Não se fala mais de lei natural, "termo fundamental, mas incompreensível para quem está fora da Igreja", explica Dom Bruno Forte, secretário especial: é melhor usar a expressão "ordem da criação". "Este é um Sínodo-Concílio, discutem-se temas novos", tuíta na hora do almoço o padre sinodal Antonio Spadaro SJ, diretor da revista La Civiltà Cattolica.
Dom Forte observa que "muitos padres, depois de terem ouvido a Relatio, disseram ter sentido o espírito da Gaudium et spes". O cardeal Luis Antonio Tagle, presidente delegado da assembleia, evoca "o espírito do Concílio Vaticano II, a sua atmosfera". O cardeal chileno Ricardo Ezzati Andrello fala de momentos de "comoção" entre os padres.
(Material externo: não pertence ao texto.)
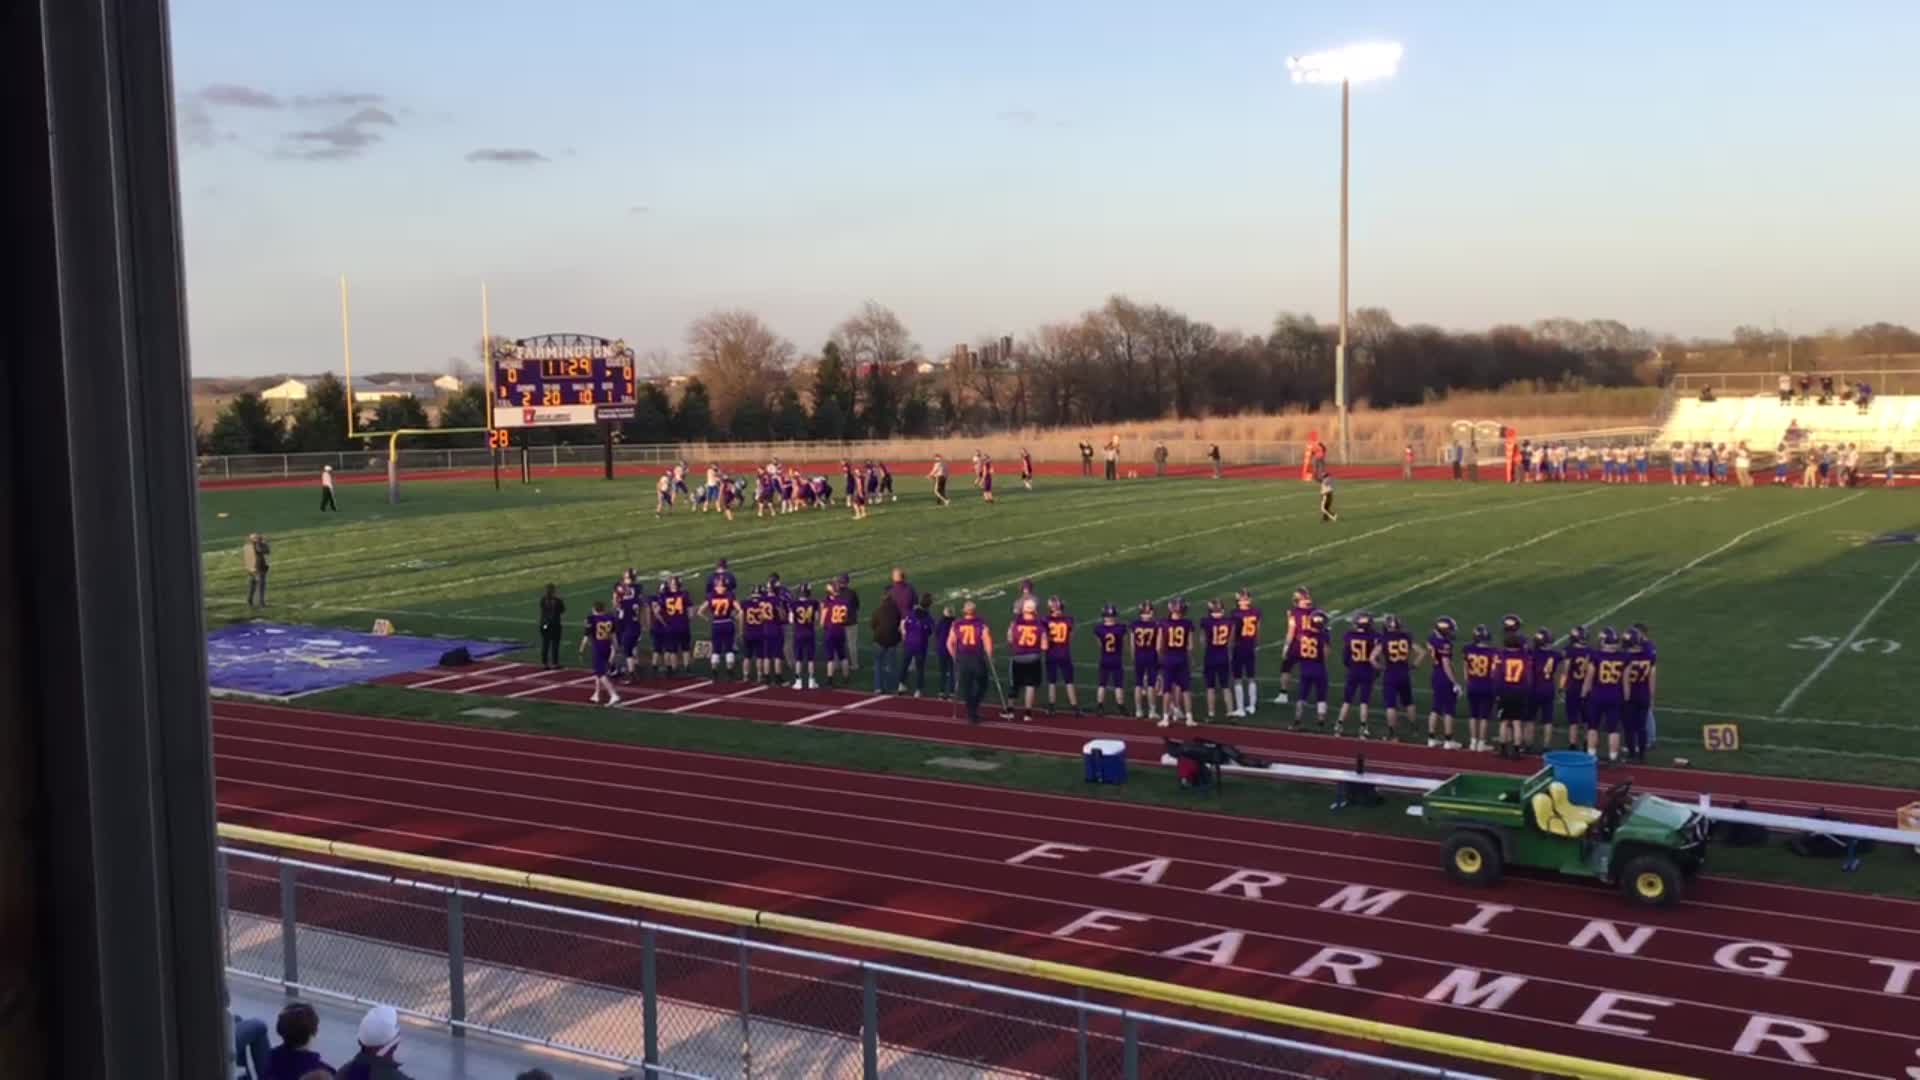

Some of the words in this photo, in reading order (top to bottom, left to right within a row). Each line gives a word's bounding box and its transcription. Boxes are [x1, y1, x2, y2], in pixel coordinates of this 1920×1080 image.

O texto lido por Erdö tem a força de antecipar uma reviravolta pastoral mais bem profunda do que se podia imaginar na abertura da assembleia. No sábado passado, o arcebispo de Dublin, Dom Diarmuid Martin, havia preparado o terreno, dando a entender que a discussão estava se canalizando ao longo dos caminhos indicados há oito meses por Walter Kasper, aqueles de um "desenvolvimento da doutrina" que tocasse inevitavelmente a práxis.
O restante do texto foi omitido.